Berlin-Lichtenberg Morgens halb zehn in Deutschland

Unser Reporter Moritz von Uslar berichtet in dieser Kolumne aus dem deutschen Alltag. Folge 10: Was suchen plötzlich alle in dem Berliner Plattenbau-Bezirk Lichtenberg? Von
ZEITmagazin Nr. 50/2015

Es war ein Novembertag – drei Grad, Nieselregen, kein Licht –, an dem der Reporter sich morgens um acht auf den Weg machte, der Milchkaffee-Hölle von Berlin-Mitte mit der Straßenbahn Richtung Osten zu entkommen.

Das Ziel: Lichtenberg, der Berliner Bezirk, von dem jetzt alle reden. In Berlin gibt es ja das schöne Spiel, dass sich junge Familien und das junge Nachtlebenvolk, das aus ganz Europa zuzieht, einmal im Jahr einen neuen Bezirk ausdenken, in dem alles besser wird – zuletzt waren es Neukölln und der Wedding, und jetzt ist eben Lichtenberg dran. Irre. Man muss dazu wissen, dass Lichtenberg doch ein ganz schönes Stück weit draußen liegt, mit der Straßenbahn M8 oder mit der U-Bahn 5 sind es zwanzig Minuten. Bis vor wenigen Jahren hatte Lichtenberg, das weite Land der Plattenbauten (es gibt angeblich auch irgendwo einige Gründerzeithäuser), vor allem einen Ruf als Rentner-, Stasi- und Neonazibezirk. Mittlerweile sind die Nazis weiter nach Hohenschönhausen gezogen und die Bioläden und Vegane-Burger-Lokale eingezogen, in Lichtenberg herrscht Bauboom, noch vor Mitte und Neukölln gibt es hier die höchsten Mietanstiege. Wir sind zu einem sehr speziellen Teil dieses speziellen Stadtteils unterwegs, zum Gewerbegebiet in der Herzbergstraße, einer Industriebrache, dem größten innerstädtischen Industriekomplex Berlins. Und hoffen – ach, du ewige Berlin-Romantik –, hier etwas zu finden, das es in Berlin-Mitte so nicht gibt.

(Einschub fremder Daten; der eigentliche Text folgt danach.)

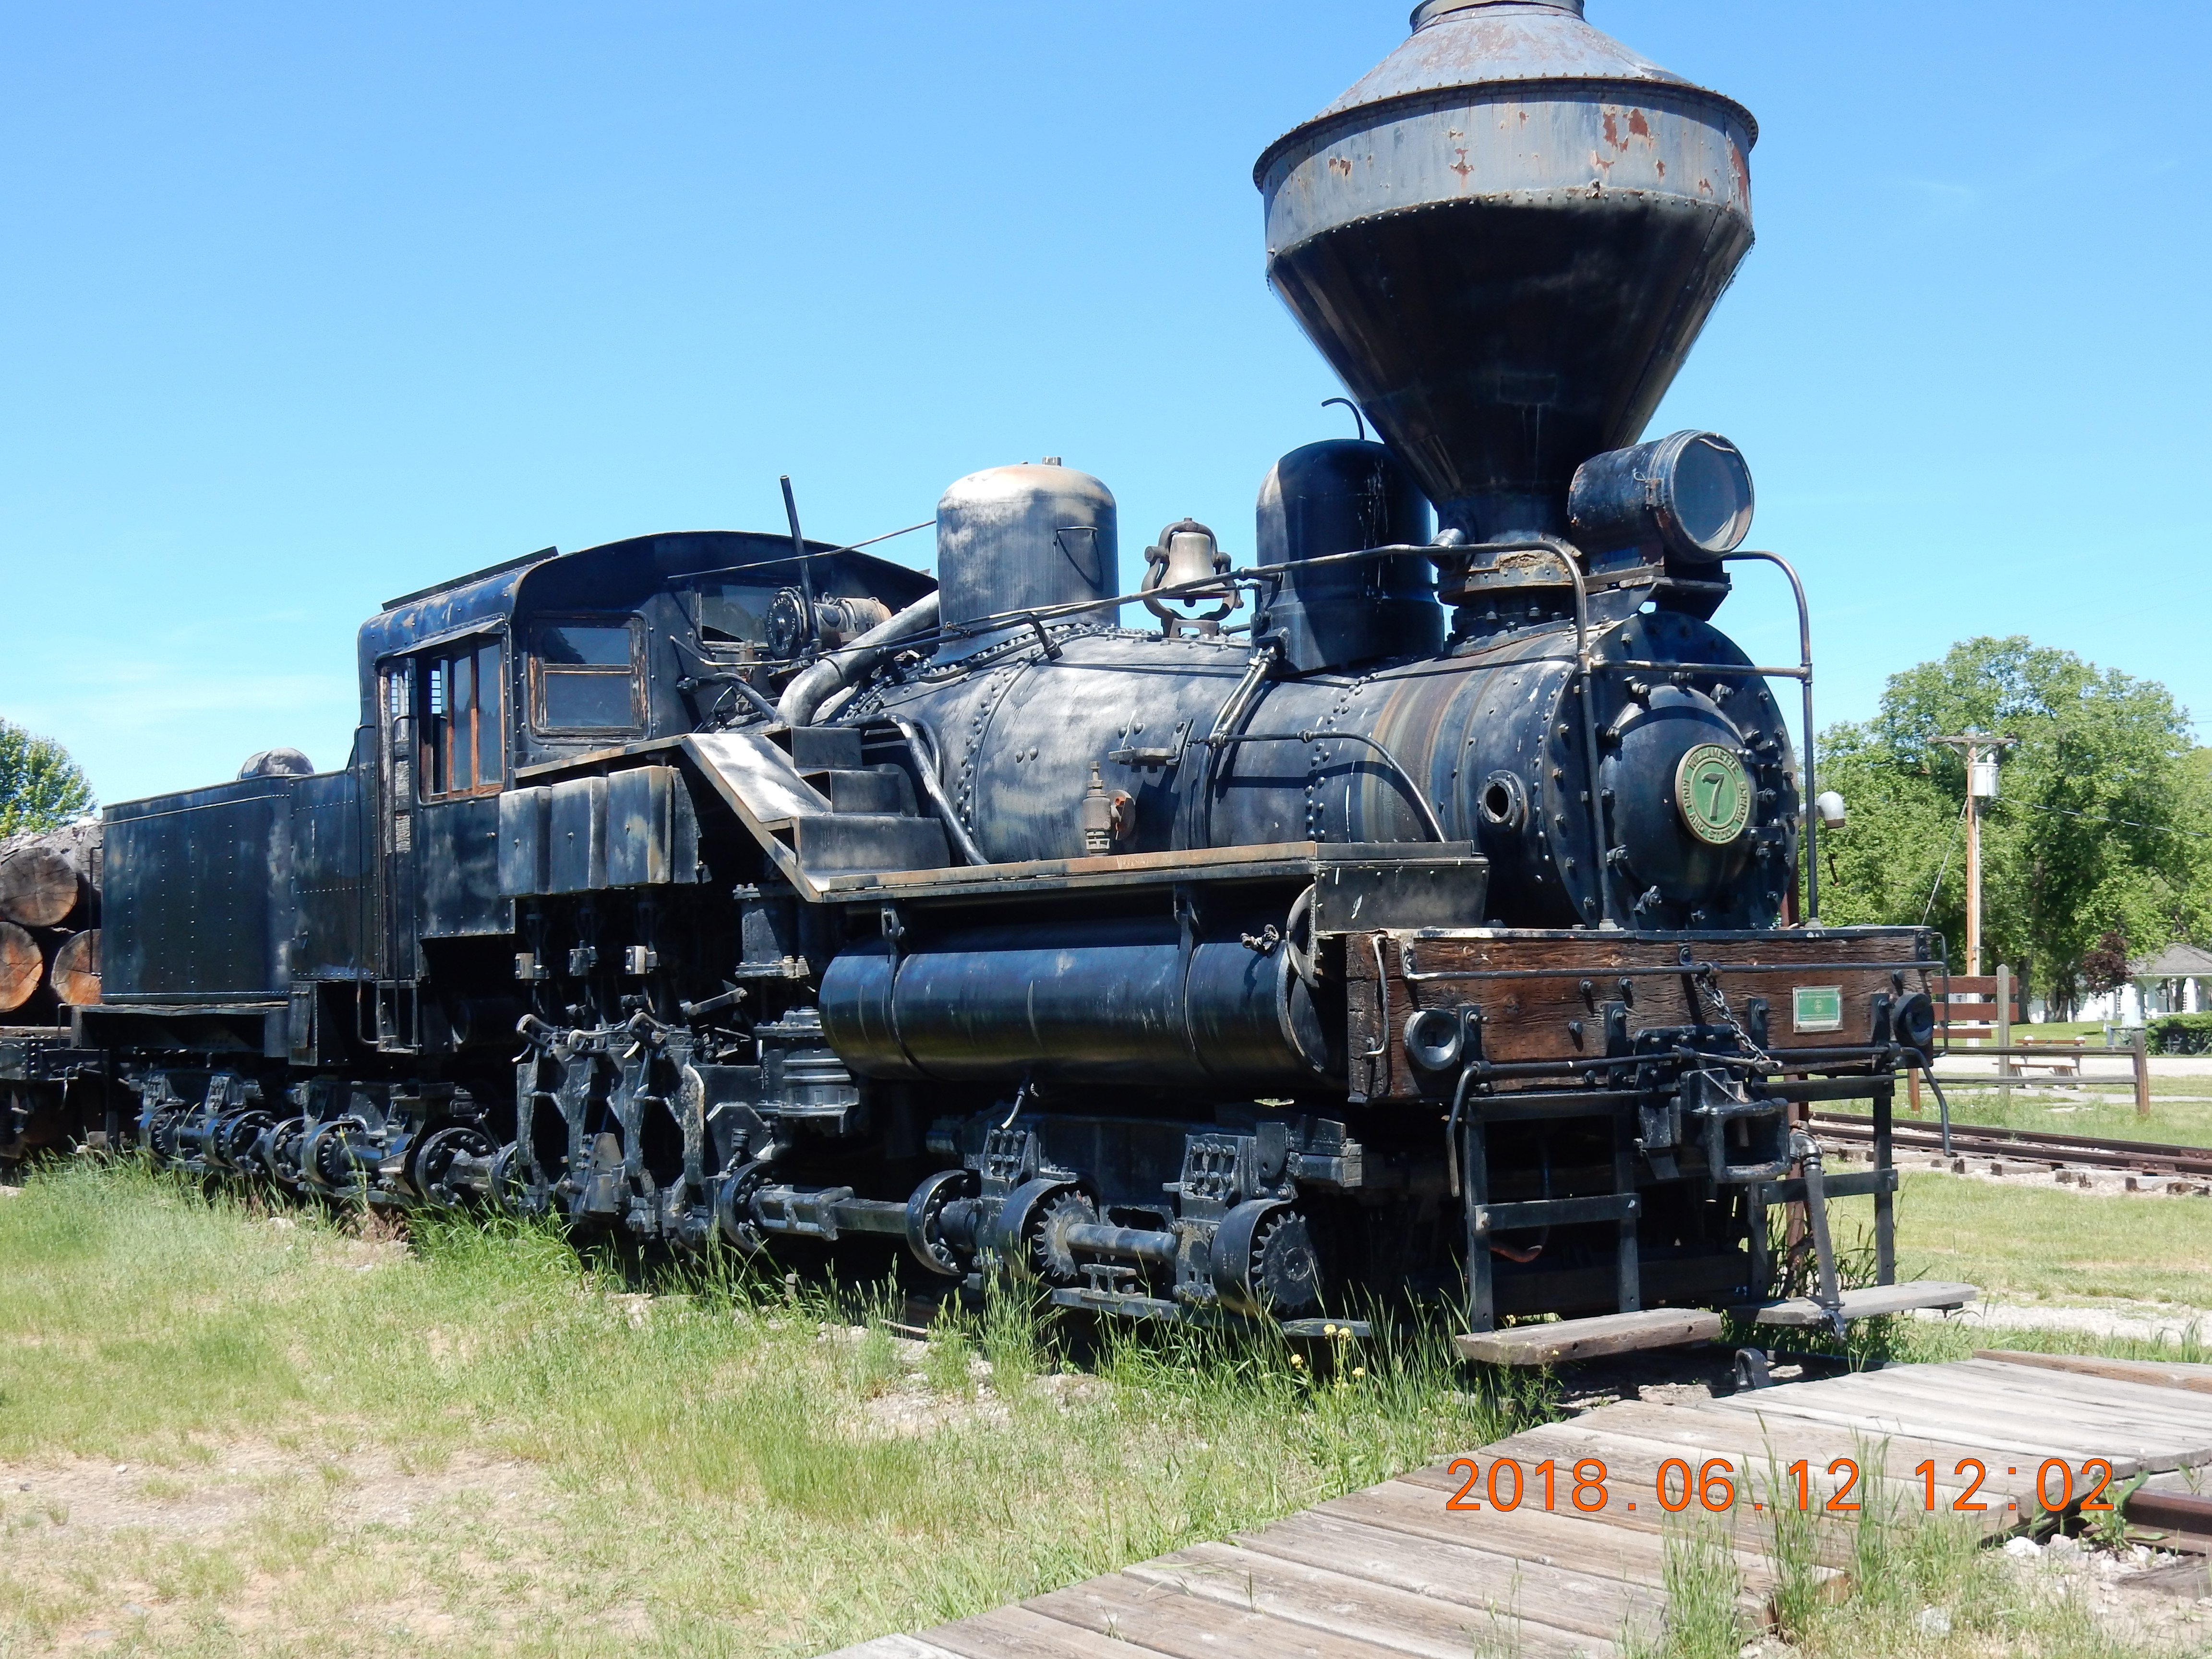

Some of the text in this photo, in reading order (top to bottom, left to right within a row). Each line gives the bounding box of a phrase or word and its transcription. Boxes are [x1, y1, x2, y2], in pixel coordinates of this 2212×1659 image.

[1686, 746, 1740, 775] WILLAMETTE
[1682, 779, 1747, 841] IRON AND STEEL WORKS
[1701, 771, 1725, 821] 7

Das perfekte Wetter für eine kaputte Industriestraße: der Nieselregen. Der Reporter läuft die fünfhundert Meter von der Vulkanstraße (Plattenbauten) bis zur Siegfriedstraße (Plattenbauten) einmal rauf und wieder runter. Sofort enorm angenehme Gefühle. Warum? Es ist so schön unklar, was hier passiert.

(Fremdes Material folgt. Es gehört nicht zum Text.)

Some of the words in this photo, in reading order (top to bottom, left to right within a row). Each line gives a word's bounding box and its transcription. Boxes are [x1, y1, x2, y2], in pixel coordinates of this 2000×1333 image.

Grobe Koordinaten: Es gibt auf der Herzbergstraße die klassischen zerschossenen Industriebacksteinbauten aus dem 19. Jahrhundert (zersprungene Fensterscheiben, mit Brettern vernagelte Türen). Es gibt ganze Zeilen dunkler und verlassener Mietskasernen. Es gibt eine Jet-Tankstelle und zahlreiche mit der Bau- oder Autoindustrie verbundene Firmen (Leko Automobile, Alba Metall Nord GmbH, Narva Lichtprodukte, Eggert Lifttechnik, Universal-Verpackungsmittel GmbH, die Abrissfirma Kaneloos). Es gibt einen Alt-Berliner Imbiss, der Bockwurst, Brot und Tasse Kaffee für 1,99 Euro im Angebot hat. Es gibt einen sehr schönen Handymast der Telekom, der wie ein kleiner Funkturm aussieht und alle Häuser der Straße überragt. Geiler Anblick: Da wirft ein Bagger der Alba Metall Nord GmbH eine Autokarosserie durch die Luft, sie landet bei den anderen Autokarosserien. Das schöne verblichene Wort "Gebrauchsmaschinenzentrum". Da hat das Bundesministerium für Umwelt ein Plakat aufgestellt mit einem schaukelnden Kind und dem Slogan "Städte werden nicht langweilig, solange es Neuanfänge gibt. Wir unterstützen den sozialen Wohnungsbau" .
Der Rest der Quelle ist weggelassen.